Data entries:

-- Opening Marker --

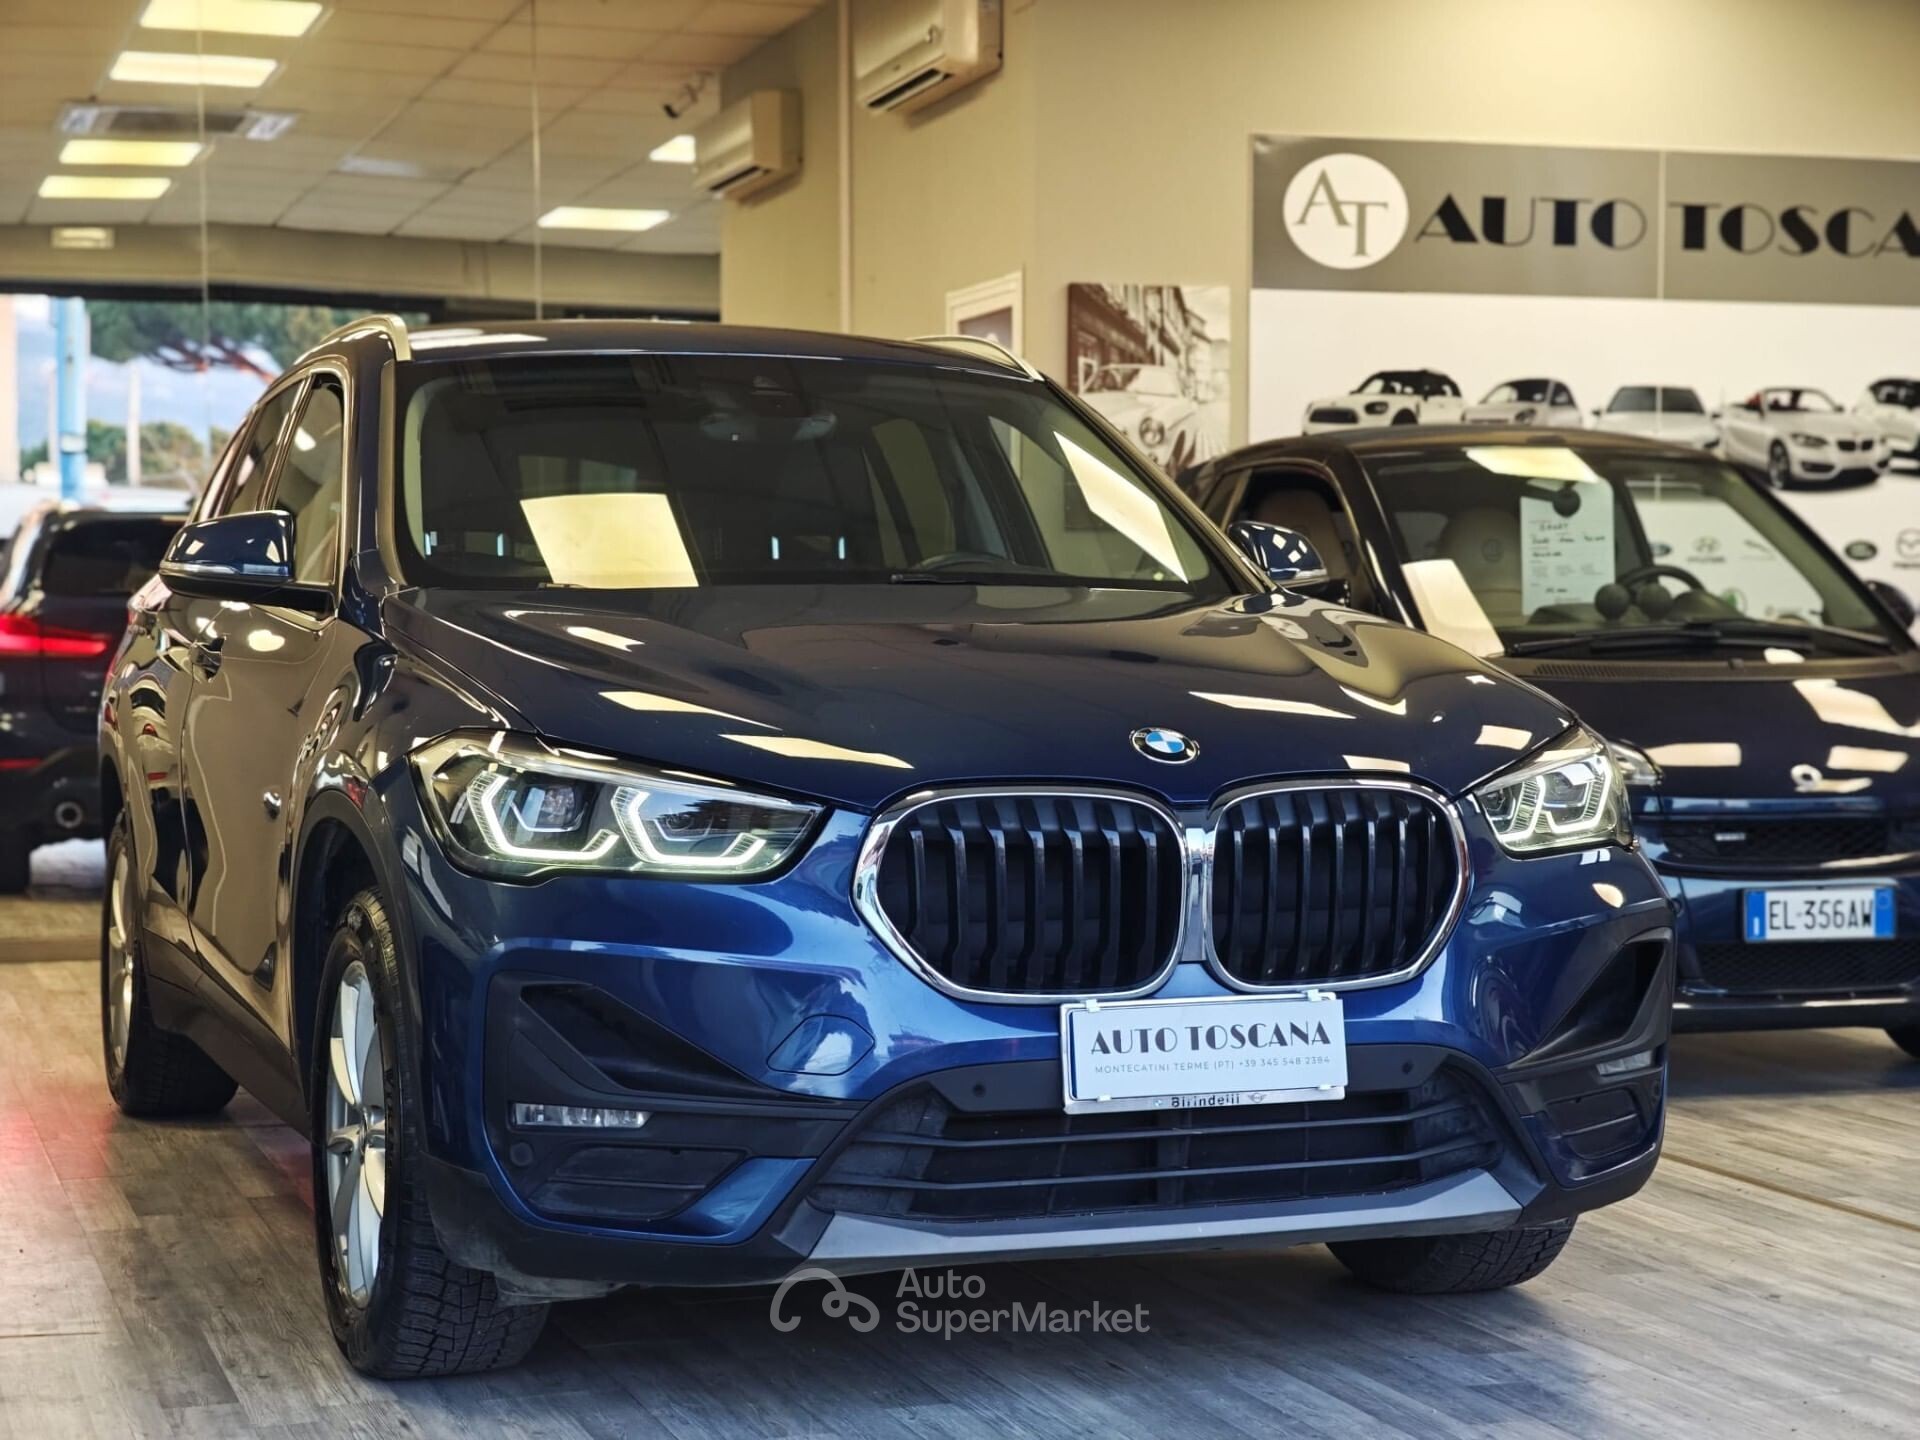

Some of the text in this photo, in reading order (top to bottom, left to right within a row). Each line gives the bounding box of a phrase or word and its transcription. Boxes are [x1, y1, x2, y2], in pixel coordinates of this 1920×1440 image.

[1414, 193, 1648, 251] AUTO
[1091, 1020, 1331, 1055] AUTO TOSCANA
[1095, 1062, 1169, 1074] MONTECATINI
[1174, 1061, 1209, 1071] TERME

-- Closing Marker --

_TASK DIRECTIONS_
Exactly as written, return each line above and leave the pictures behind.

_WRITTEN SOLUTION_
Some of the text in this photo, in reading order (top to bottom, left to right within a row). Each line gives the bounding box of a phrase or word and its transcription. Boxes are [x1, y1, x2, y2], in pixel coordinates of this 1920×1440 image.

[1414, 193, 1648, 251] AUTO
[1091, 1020, 1331, 1055] AUTO TOSCANA
[1095, 1062, 1169, 1074] MONTECATINI
[1174, 1061, 1209, 1071] TERME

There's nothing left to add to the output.